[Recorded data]
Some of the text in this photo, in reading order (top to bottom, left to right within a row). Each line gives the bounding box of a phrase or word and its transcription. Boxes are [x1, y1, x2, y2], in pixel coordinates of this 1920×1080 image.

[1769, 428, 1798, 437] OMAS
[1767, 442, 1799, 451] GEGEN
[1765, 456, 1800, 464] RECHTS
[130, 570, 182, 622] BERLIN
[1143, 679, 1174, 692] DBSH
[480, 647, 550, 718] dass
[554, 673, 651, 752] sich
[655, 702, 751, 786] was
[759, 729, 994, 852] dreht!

» Required work
Output the records in full. Keep every character as it is.

» Answer for this exercise
Some of the text in this photo, in reading order (top to bottom, left to right within a row). Each line gives the bounding box of a phrase or word and its transcription. Boxes are [x1, y1, x2, y2], in pixel coordinates of this 1920×1080 image.

[1769, 428, 1798, 437] OMAS
[1767, 442, 1799, 451] GEGEN
[1765, 456, 1800, 464] RECHTS
[130, 570, 182, 622] BERLIN
[1143, 679, 1174, 692] DBSH
[480, 647, 550, 718] dass
[554, 673, 651, 752] sich
[655, 702, 751, 786] was
[759, 729, 994, 852] dreht!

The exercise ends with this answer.